%%
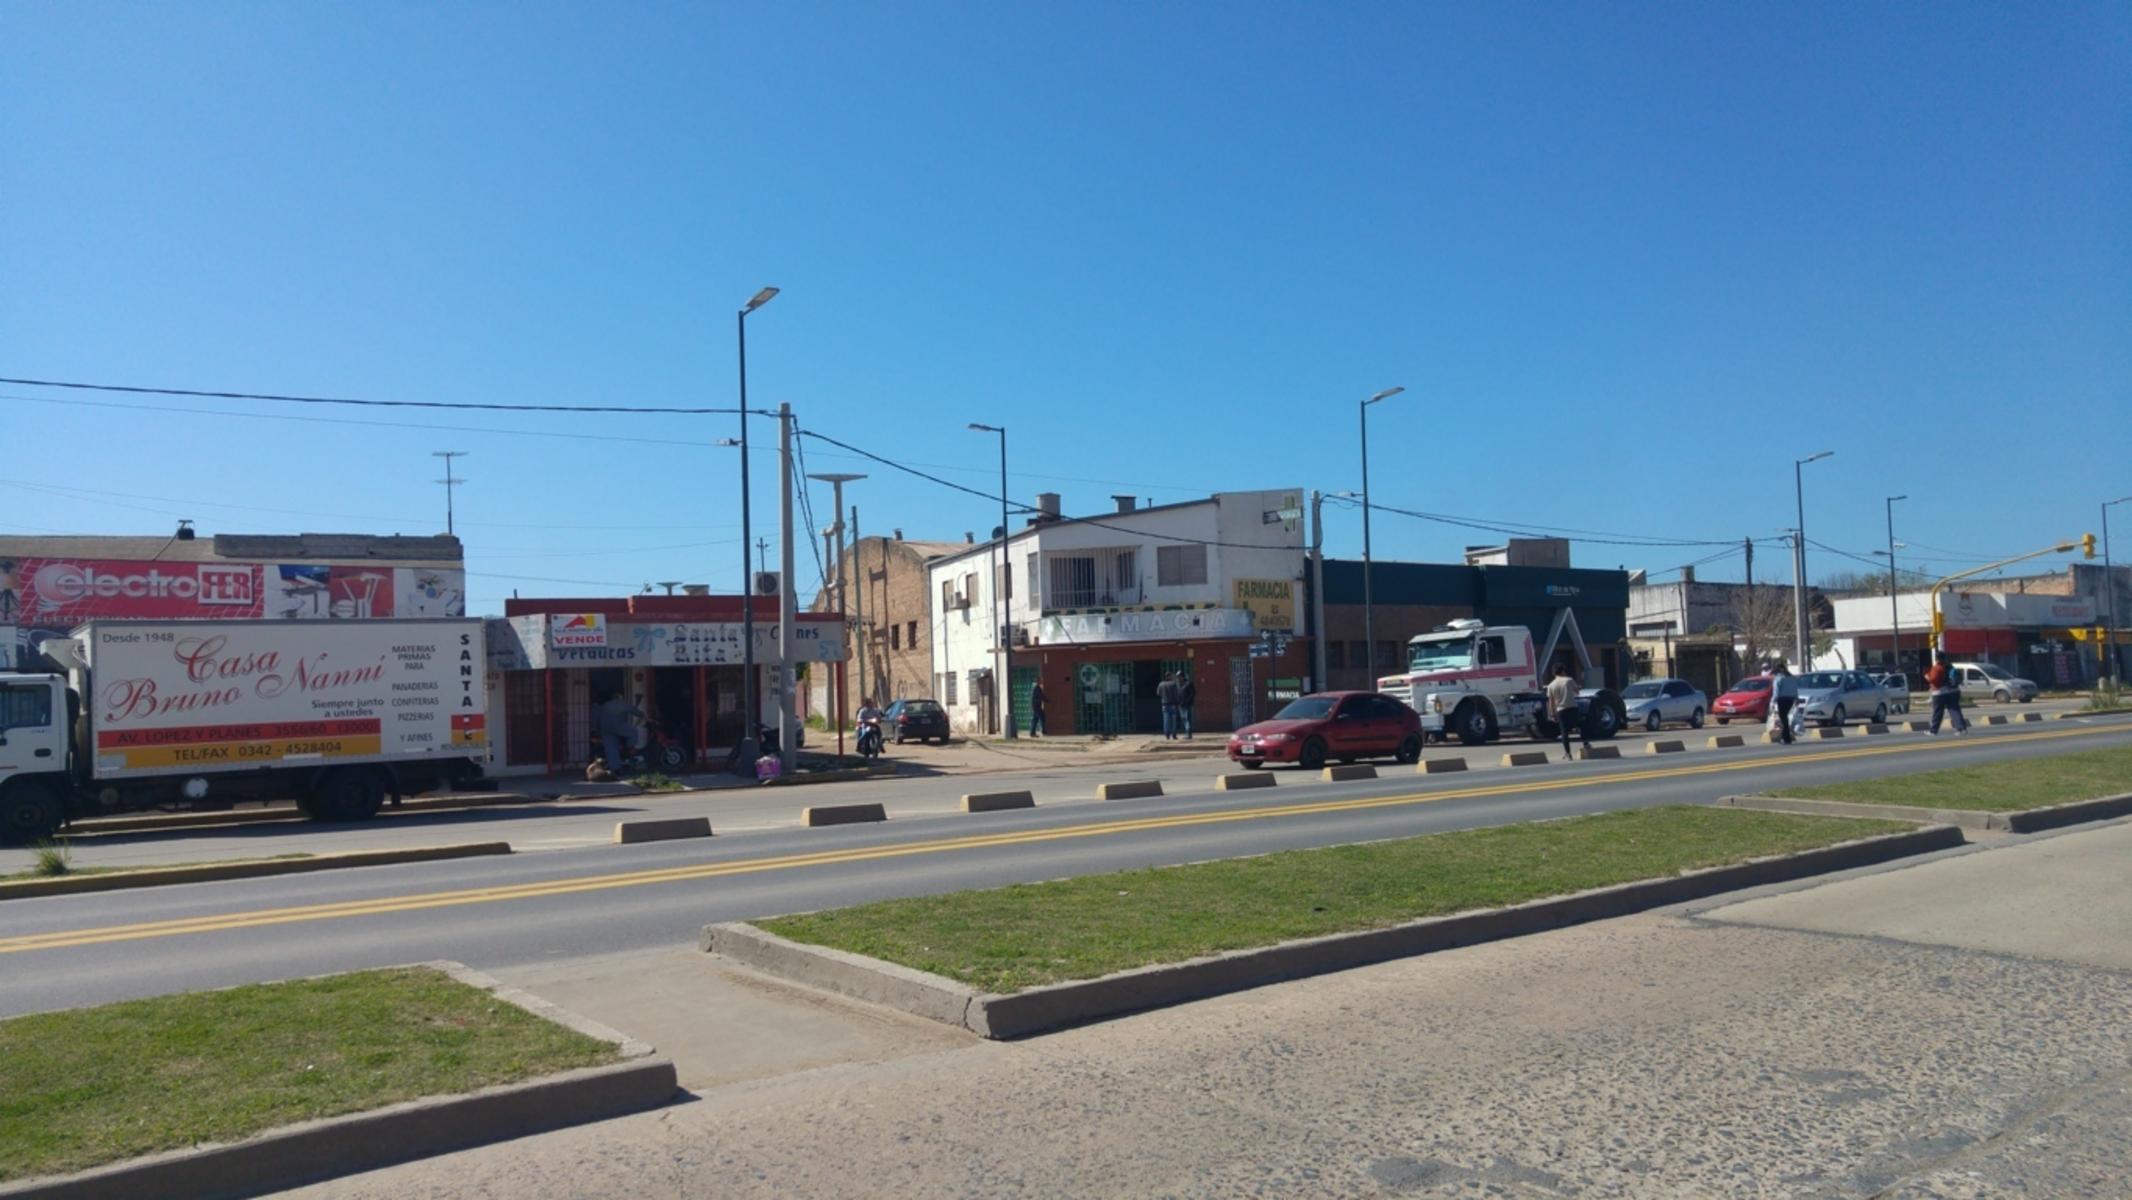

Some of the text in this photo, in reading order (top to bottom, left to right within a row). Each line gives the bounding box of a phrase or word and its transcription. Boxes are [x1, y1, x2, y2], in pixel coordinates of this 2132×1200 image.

[1238, 581, 1290, 599] FARMACIA
[1061, 609, 1226, 634] FARMACIA
[102, 632, 175, 643] Desde 1948
[769, 625, 819, 641] Cnes
[555, 635, 604, 645] VENDE
[392, 645, 437, 654] MATERIAS
[174, 634, 280, 683] Casa
[398, 653, 432, 661] PRIMAS
[404, 662, 425, 671] PARA
[460, 633, 472, 707] SANTA
[103, 652, 386, 723] Bruno Nanni
[392, 682, 439, 691] PANADERIAS
[311, 698, 385, 710] Siempre junto
[391, 697, 440, 706] CONFITERIAS
[324, 708, 374, 718] a ustedes
[398, 712, 435, 721] PIZZERIAS
[145, 730, 192, 743] LOPEZ
[196, 729, 205, 739] Y
[208, 727, 261, 740] PLANES
[400, 733, 433, 742] Y AFINES
[174, 747, 229, 760] TEL/FAX
[238, 745, 272, 757] 0342
[286, 742, 342, 754] 4528404
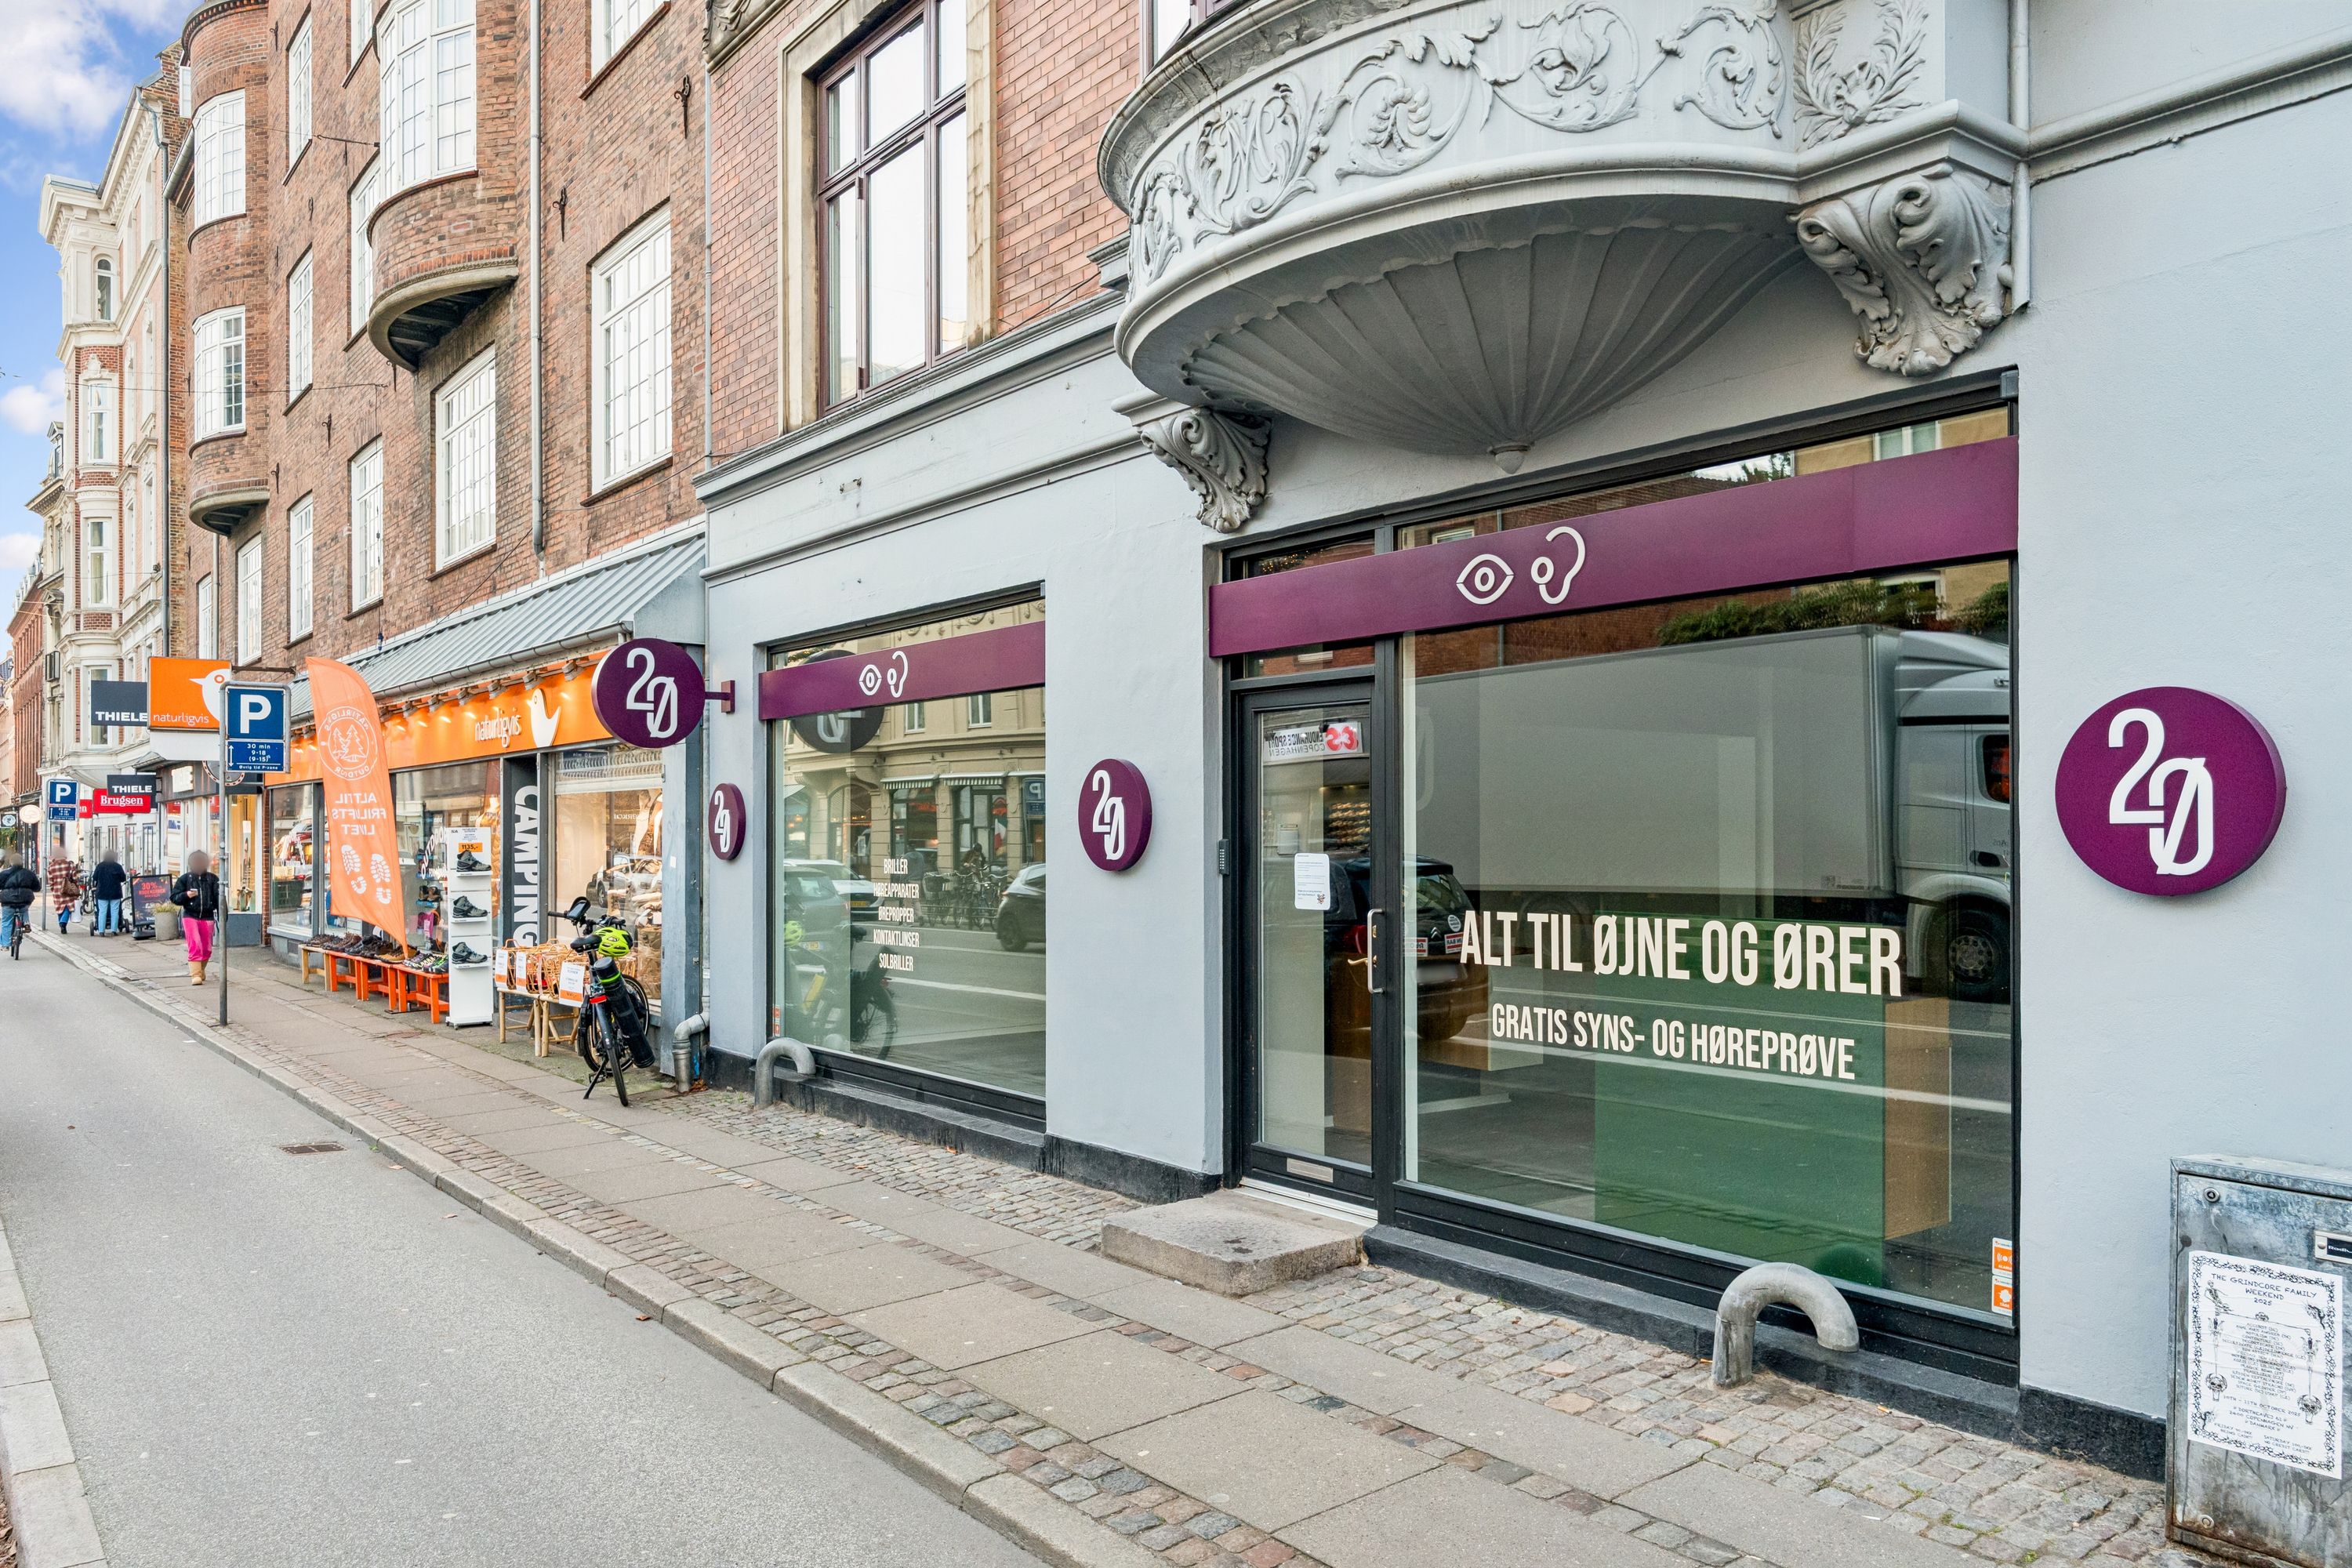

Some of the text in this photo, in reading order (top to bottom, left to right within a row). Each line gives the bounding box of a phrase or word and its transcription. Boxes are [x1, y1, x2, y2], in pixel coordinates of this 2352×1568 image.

[95, 711, 148, 722] THIELE
[153, 712, 209, 726] naturligvis
[240, 694, 271, 734] P
[474, 707, 523, 748] naturligvis
[56, 784, 71, 802] P
[100, 796, 143, 806] Brugsen
[514, 785, 538, 949] CAMPING
[884, 858, 908, 874] BRILLER
[873, 883, 920, 898] HØREAPPARATER
[879, 906, 914, 923] ØREPROPPER
[873, 929, 920, 948] KONTAKTLINSER
[879, 953, 913, 971] SOLBRILLER
[1460, 910, 1901, 996] ALT TIL ØJNE OG ØRER
[1492, 1003, 1855, 1080] GRATIS SYNS- OG HØREPRØVE
[2211, 1272, 2316, 1298] THE GRINDCORE FAMILY
[2245, 1287, 2284, 1300] WEEKEND
[2253, 1297, 2271, 1305] 2025
%%
— DIRECTIONS FOR THIS TASK —
Only the lines from the one containing "this 2352×1568 image." through the last line of the records above are to be reproduced, exactly and with both ends included.

— SOLUTION TO THE PROBLEM —
Some of the text in this photo, in reading order (top to bottom, left to right within a row). Each line gives the bounding box of a phrase or word and its transcription. Boxes are [x1, y1, x2, y2], in pixel coordinates of this 2352×1568 image.

[95, 711, 148, 722] THIELE
[153, 712, 209, 726] naturligvis
[240, 694, 271, 734] P
[474, 707, 523, 748] naturligvis
[56, 784, 71, 802] P
[100, 796, 143, 806] Brugsen
[514, 785, 538, 949] CAMPING
[884, 858, 908, 874] BRILLER
[873, 883, 920, 898] HØREAPPARATER
[879, 906, 914, 923] ØREPROPPER
[873, 929, 920, 948] KONTAKTLINSER
[879, 953, 913, 971] SOLBRILLER
[1460, 910, 1901, 996] ALT TIL ØJNE OG ØRER
[1492, 1003, 1855, 1080] GRATIS SYNS- OG HØREPRØVE
[2211, 1272, 2316, 1298] THE GRINDCORE FAMILY
[2245, 1287, 2284, 1300] WEEKEND
[2253, 1297, 2271, 1305] 2025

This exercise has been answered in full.